YOUR GOAL
Reproduce the listing in full, exactly as written, but without images.

DATA TO USE
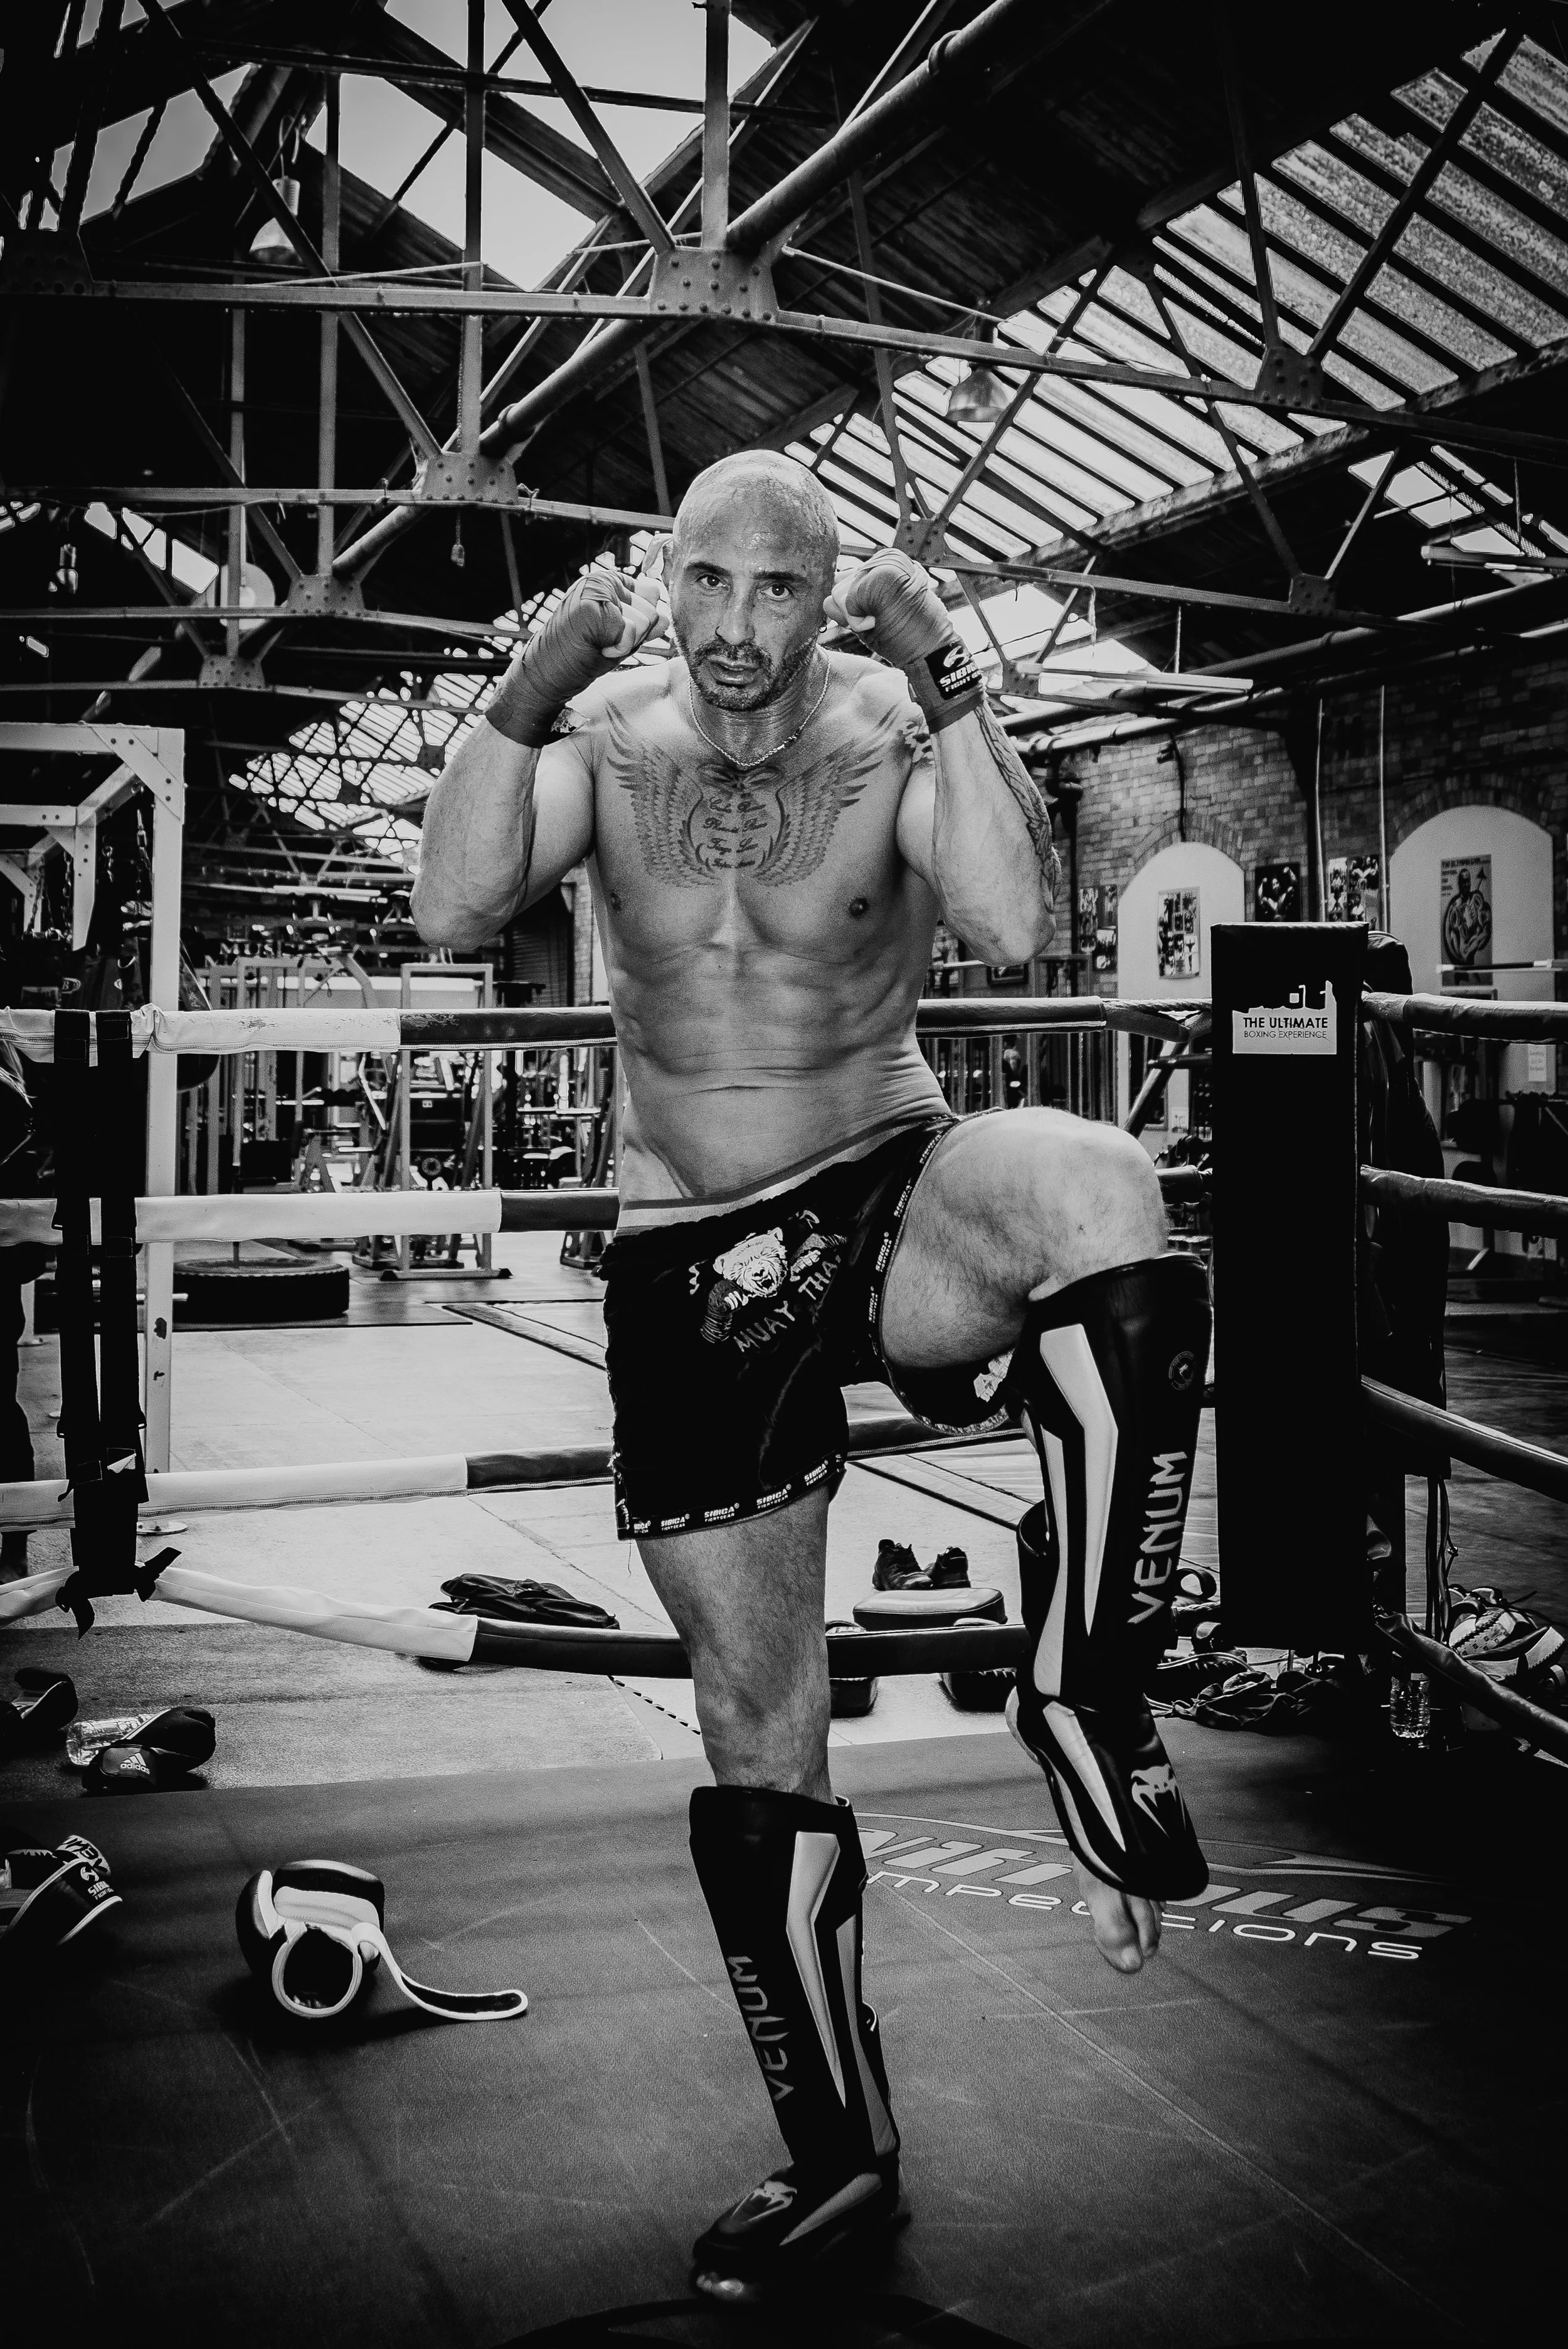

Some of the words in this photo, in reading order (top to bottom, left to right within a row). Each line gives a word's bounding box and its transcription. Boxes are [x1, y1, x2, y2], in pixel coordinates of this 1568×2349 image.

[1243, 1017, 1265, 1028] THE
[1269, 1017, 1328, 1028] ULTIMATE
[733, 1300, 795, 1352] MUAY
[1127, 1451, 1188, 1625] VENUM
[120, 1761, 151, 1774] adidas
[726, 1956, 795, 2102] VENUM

YOUR SOLUTION
Some of the words in this photo, in reading order (top to bottom, left to right within a row). Each line gives a word's bounding box and its transcription. Boxes are [x1, y1, x2, y2], in pixel coordinates of this 1568×2349 image.

[1243, 1017, 1265, 1028] THE
[1269, 1017, 1328, 1028] ULTIMATE
[733, 1300, 795, 1352] MUAY
[1127, 1451, 1188, 1625] VENUM
[120, 1761, 151, 1774] adidas
[726, 1956, 795, 2102] VENUM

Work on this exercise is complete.